I believe this pattern of stable margins will change in the future, and that margins will rise sharply above 40%. For this to occur, United’s wages to income ratio will have to fall. United will have to hold onto more of its revenue gains than has historically been the case.





Why margins will rise
The suggestion that a company that has consistently earned margins within a tight range is about to make a step change in profitability should always be treated with great scepticism. This is true even if new revenue sources are supposedly “high margin” (as sponsorship deals are), as such margin can easily leak away to other stakeholders – in this case players and agents.

On this occasion, however, I believe there are new factors that mean United will not have to pass on as much of every extra pound earned in income to the playing squad as it has in the past, in other words that margins can rise sharply.

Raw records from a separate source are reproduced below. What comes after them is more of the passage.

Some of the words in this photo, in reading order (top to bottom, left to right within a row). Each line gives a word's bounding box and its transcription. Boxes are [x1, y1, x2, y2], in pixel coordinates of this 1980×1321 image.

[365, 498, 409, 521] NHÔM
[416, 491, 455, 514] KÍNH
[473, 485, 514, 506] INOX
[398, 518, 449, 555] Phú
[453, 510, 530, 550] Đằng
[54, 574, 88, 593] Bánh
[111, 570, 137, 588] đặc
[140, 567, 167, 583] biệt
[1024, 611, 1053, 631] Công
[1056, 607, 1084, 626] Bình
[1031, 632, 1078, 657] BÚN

There are two primary reasons behind this, firstly that much of United’s revenue growth is unusual to the club and not something competitors can replicate, and secondly that Financial Fair Play will effectively work to slowdown wage growth, forcing other clubs to “bank” rather than “spend” their own incremental revenue.

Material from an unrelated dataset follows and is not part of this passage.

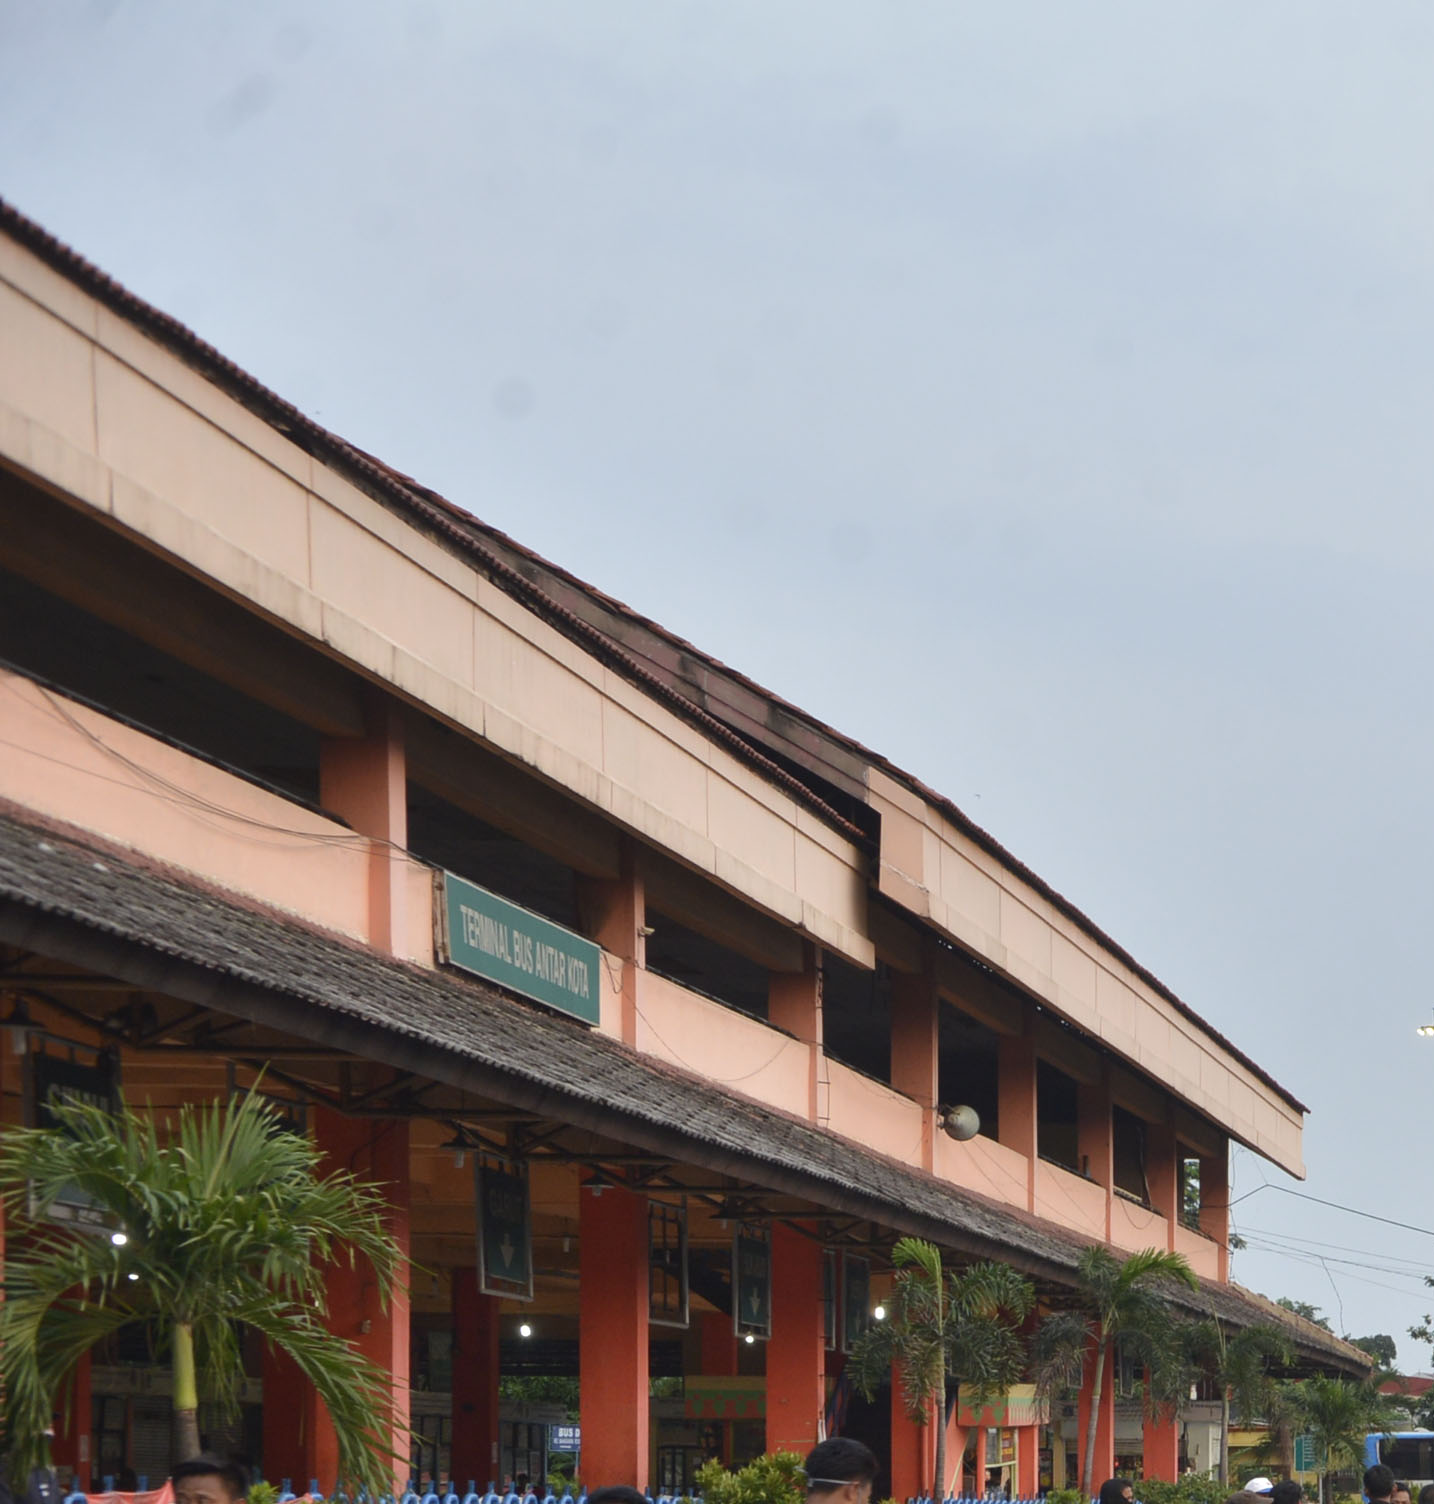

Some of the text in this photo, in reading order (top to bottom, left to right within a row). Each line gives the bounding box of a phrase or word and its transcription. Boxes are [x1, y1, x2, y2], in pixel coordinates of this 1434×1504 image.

[460, 904, 590, 1000] TERMINAL BUS ANTAR KOTA
[558, 1427, 573, 1437] BUS

Factor 1: "United only” vs. collective revenues
The first point is very straightforward, if United can grow its income faster than other clubs, it can hang on to more of it. There is an important distinction to be made between collective revenue increases (such as bigger TV deals) and “United only” revenue gains (such as the DHL training kit deal). It is the former that tend to “leak” into player wages because by definition all clubs (or in the case of the Champions League, all major competitors) receive the same income boost. The last PL international rights deal gave every clubs c. £7m extra pa and pretty much without fail they all went and spent it on transfers and salaries. By contrast, if United sign a unique £7m sponsorship deal, the club has far more chance of retaining the cash. Much of the club’s expected revenue growth is going to come from “uncommon” sources; the new Nike deal, the Chevvy deal, the mobile partnerships etc, etc.

At United, the strength of the relationship between wages and (mainly collective) media income since 2000 can be seen in the chart below. The r-squared is 0.69.




By contrast there is not a very strong relationship between total revenue growth, (which includes the expansion of Old Trafford, commercial growth, ticket price rises etc) and wage growth as can be seen below (the r-squared is only 0.26).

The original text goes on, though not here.